The rise of merchants of menace: What will the internet of the future look like?
They’re calling it AI contamination. As content created by large language models (LLMs) seeps across domains like an oil spill, it will likely have two outcomes.
In the first, it will become more difficult to tell truth from fabrication, and this will hasten the enshittification or drop in quality of the information provided by the internet.
The second outcome will be a clearing of the skies, somewhat, as walled gardens of protected content form, open to users in premium, freemium and other subscription models.
News-website paywalls and YouTube Premium are early examples. But across vast swathes of the internet, the contamination is in free flow.
“Welcome to the world’s first fully AI-generated website!” reads the disclaimer on the landing page of The Enlightened Mindset.

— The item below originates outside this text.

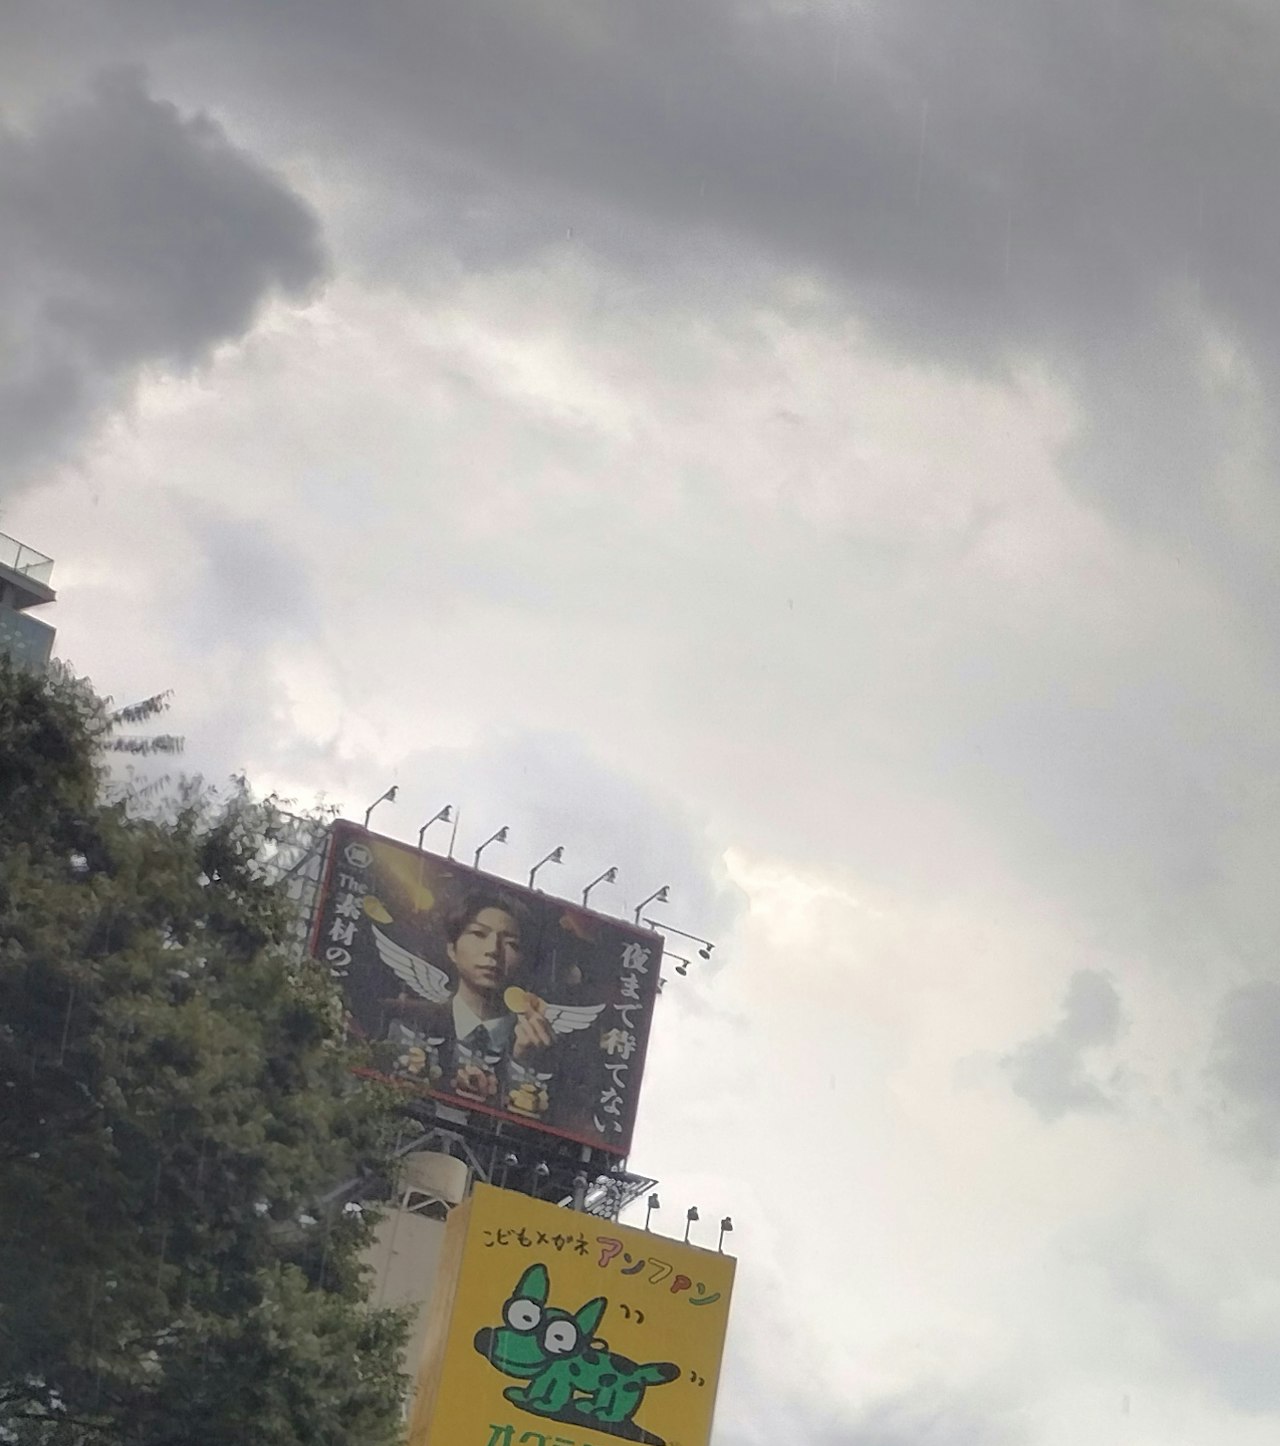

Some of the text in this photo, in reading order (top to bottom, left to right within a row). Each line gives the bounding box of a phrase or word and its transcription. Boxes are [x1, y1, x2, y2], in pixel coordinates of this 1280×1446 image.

[339, 873, 369, 894] The
[326, 894, 364, 976] 素材の
[594, 942, 651, 1133] 夜まで待てない

The website offers no ownership details or contact information but lists hundreds of articles, by “contributors” with names such as Happy Sharer and Crazy Lee. Titles include “Is Hagrid Played By a Robot? An Exploration of the Possibility”, “How to Be More Ladylike: Speak Softly, Dress Modestly, Carry Yourself with Grace” and “How to Be Dangerous: Learn Self-Defense, Carry a Concealed Weapon, and Build a Network”.
The stories contain made-up quotes attributed to real people. The Hagrid story contains one from “a Dr Reuben Binns, professor of Artificial Intelligence at the University of Cambridge” on the drawbacks of casting a robot as Hagrid. In the real world, Binns is an associate professor of human-centered computing at the University of Oxford.
The number of platforms using such approaches is growing, and most offer no disclaimer.